From the bank, there is tension and drag as the crappie fish resists, then is pulled to the bank. The man in the boat sees the catch and casts farther until every part of the far bank is fished.
From the bank, another bite, another fish and another single cast into the water. At the end of the cove, he turns the boat. He has had one strike, no fish and for a moment, he thinks of leaving this cove for other places.
While changing his lure again, he looks up to see the man on the bank and the splash of water from another fish. The man sits on his bucket. A lure sails forward, and the boat turns to fish the near bank.
It is quiet here.

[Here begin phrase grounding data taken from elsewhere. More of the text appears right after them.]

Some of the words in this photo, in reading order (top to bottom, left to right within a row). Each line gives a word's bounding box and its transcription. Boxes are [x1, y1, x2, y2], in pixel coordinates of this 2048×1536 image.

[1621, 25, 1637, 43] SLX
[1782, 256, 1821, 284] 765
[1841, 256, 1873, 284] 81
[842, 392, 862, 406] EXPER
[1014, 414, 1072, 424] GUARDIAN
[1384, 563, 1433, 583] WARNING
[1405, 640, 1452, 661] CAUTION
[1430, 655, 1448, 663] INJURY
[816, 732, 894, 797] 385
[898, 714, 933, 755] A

There is an occasional breath of wind, the birds are with tune and the afternoon sky is soft and blue.
The boat is closer now. The pole in the man’s lap bends and another crappie is coated with mud.

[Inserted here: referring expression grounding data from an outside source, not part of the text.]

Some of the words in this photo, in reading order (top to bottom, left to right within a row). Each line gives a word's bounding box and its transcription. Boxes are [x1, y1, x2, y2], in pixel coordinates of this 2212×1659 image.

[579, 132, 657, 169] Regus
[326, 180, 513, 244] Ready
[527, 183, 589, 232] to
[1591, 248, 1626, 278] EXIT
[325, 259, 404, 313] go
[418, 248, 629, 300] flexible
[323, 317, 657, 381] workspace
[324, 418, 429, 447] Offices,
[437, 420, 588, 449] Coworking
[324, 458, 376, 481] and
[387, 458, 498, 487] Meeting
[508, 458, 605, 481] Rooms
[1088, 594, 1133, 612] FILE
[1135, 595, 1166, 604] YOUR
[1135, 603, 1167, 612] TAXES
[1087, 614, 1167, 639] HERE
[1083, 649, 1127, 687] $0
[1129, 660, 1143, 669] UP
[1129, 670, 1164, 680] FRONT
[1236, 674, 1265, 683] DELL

“You are having a good day,” the man in the boat said.
The old man clears his throat and says, “Thank you.” He pauses before saying, “Nice boat.”
The boat is only a few yards from where the old man sits, and small talk becomes life talk as the anglers converse. They talk of fishing, the weather and this cove.
The man on the bank points to where the trail up the hill leads to his house and talks of how quiet the boat is across flaccid water.
They talk about fish, problems of the world are addressed and he asks him about the way he fishes.
“I cast all along this bank, and I only had one strike,” the man said from the boat.
The man on the bank looks to the water, then to his single pole.
“When I was about your age, I could run without my knees hurting,” he said. “I complained and ate those pills to make the pain go away, but in the end, I used the stiffness in my knees to fish.”
The man in the boat looked at the bucket, the man, his fishing pole and the crappie fish scattered about.
He accepted the invitation to shake hands with this man on the bank. He sat on his cooler and only brought the one pole from the boat.
From his bucket, the old man reached inside the carton and handed the man some bait. Two lines entered the water, and they sat and watched.
A few fish were caught, and they watched the sun escape the sky.
From his boat, he watched the old man shuffle up the hill. A few days later, as they agreed, the man from the boat followed the man from the bucket down the hill from his house. And on the bank of a cove, they fished.
Enjoy your time outdoors.

You may contact Jason Hawkins at hawkinsoutdoors@msn.com.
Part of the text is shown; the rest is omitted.